In a message to students and staff, UT Vice President for Student Affairs and Dean of Students Stephanie Russell Krebs said the school will “continue to move swiftly to remove those from the community who endanger others” by not following the safety plan.

Diaz said he’s not surprised that students, after being home with their families since March, are eager to see their friends and socialize. However he said that USF would take similar action to UT and provisionally suspend students should they behave recklessly.

“Attending USF is a privilege,” he said. “If a student is making choices and abusing that privilege by putting themselves in harm’s way, that privilege would be in jeopardy.”

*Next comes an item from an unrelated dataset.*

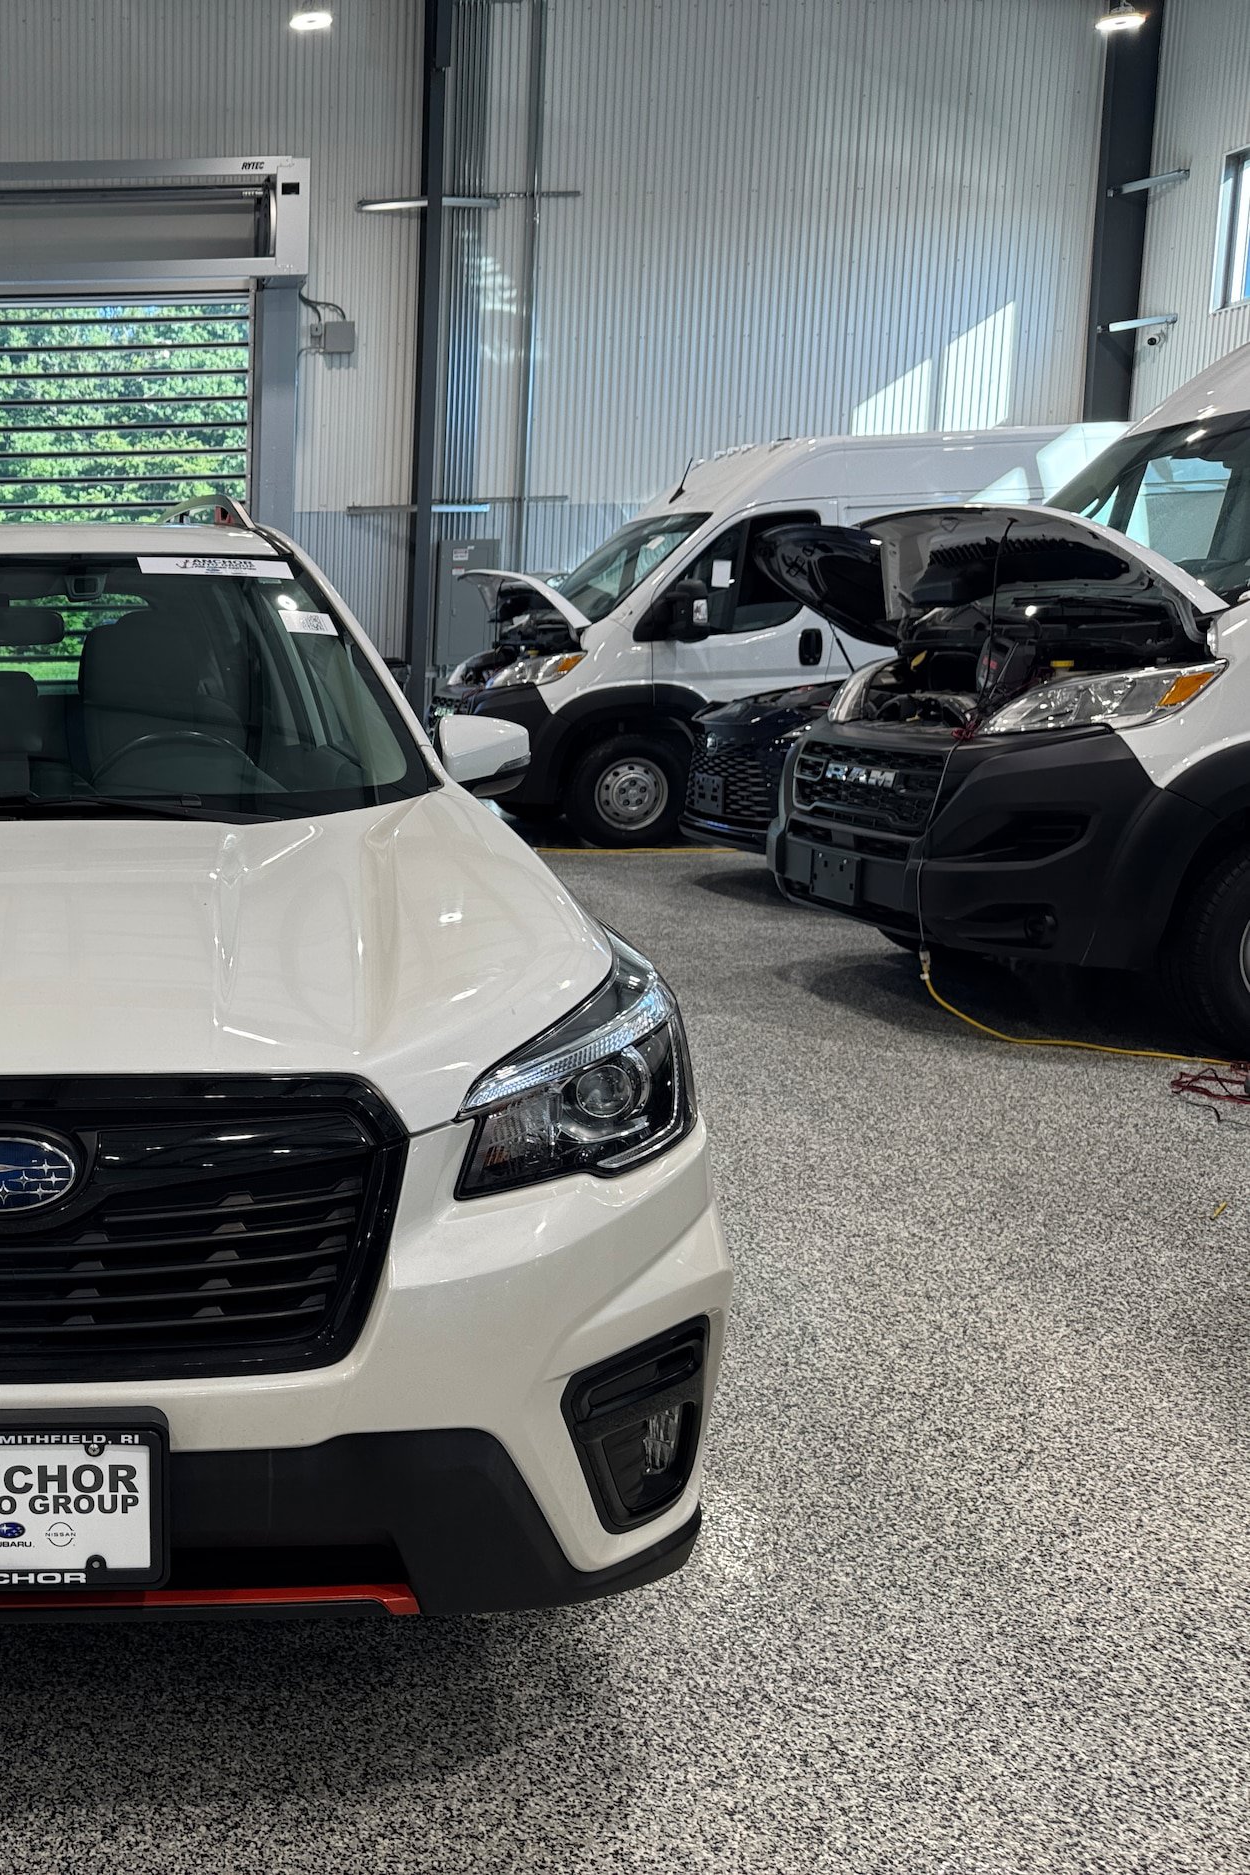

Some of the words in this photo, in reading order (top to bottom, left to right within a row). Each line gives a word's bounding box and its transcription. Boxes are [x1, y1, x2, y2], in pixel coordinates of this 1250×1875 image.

If students or staff members violate mask regulations, it would be treated as a code of conduct violation and would go through the same process as any other disciplinary issue. So far, though, the message seems to be getting through. Social media messages with school mascot Rocky the Bull wearing a mask have been effective, along with signage around campus and positive role modeling by staff and students.

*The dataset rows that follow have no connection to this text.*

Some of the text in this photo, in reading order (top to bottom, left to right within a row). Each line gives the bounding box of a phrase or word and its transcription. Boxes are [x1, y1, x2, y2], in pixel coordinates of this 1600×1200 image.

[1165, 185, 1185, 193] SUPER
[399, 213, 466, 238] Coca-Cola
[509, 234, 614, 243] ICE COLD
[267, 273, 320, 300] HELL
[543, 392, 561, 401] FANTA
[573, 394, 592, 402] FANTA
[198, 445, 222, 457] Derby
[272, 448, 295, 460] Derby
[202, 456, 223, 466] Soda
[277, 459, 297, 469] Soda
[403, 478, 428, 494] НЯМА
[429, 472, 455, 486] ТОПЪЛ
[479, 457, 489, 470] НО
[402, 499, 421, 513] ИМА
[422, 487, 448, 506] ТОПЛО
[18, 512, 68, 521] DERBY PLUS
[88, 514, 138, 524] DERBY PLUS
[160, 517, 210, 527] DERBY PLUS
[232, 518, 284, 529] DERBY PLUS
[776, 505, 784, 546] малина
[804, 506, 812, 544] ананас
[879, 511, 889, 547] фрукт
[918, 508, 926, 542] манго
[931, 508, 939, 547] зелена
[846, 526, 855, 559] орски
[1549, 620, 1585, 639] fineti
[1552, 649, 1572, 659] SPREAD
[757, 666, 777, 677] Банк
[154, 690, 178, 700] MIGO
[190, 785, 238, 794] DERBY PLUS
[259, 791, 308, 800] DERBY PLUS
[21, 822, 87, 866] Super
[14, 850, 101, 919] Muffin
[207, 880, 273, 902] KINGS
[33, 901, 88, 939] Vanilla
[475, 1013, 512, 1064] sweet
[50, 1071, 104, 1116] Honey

“We’re constantly reinforcing the message that these seemingly small things are important to help us be together safely,” Diaz said. 

Following the suspensions at UT, students seem to be paying closer attention to the rules as they realize their actions will have consequences and that their personal choices can have an effect on the entire campus, said UT spokesman Eric Cárdenas. Classes began Wednesday.

“I believe the student interim suspension last week emphasized the Spartan Shield Guidelines,” Cárdenas said, noting that he’s seeing students complying with mask requirements and maintaining social distance. “Students understand the gravity of the situation, and I believe they want to stay on campus to continue their education.”

At Eckerd College, where students begin a phased move-in this week, students are expected to abide by The Eckerd Together Promise, which requires them to practice social distancing, among other preventative measures. Outdoor gatherings will be capped at 25 students, while indoor gatherings in areas other than residence hall rooms or suites will be limited to 10 people. Masks and social distancing will be required. Violations will result in temporary suspension from classes, college housing, specific areas of campus or the school itself. Suspension or expulsion from housing, classes and school are likely sanctions for breaking the rules. 

A New York Times survey of more than 1,500 American colleges and universities revealed at least 26,000 cases of Covid-19, along with 64 deaths, since the pandemic began. USF’s Tampa campus has reported 220 cases, while the St. Pete campus has only 10.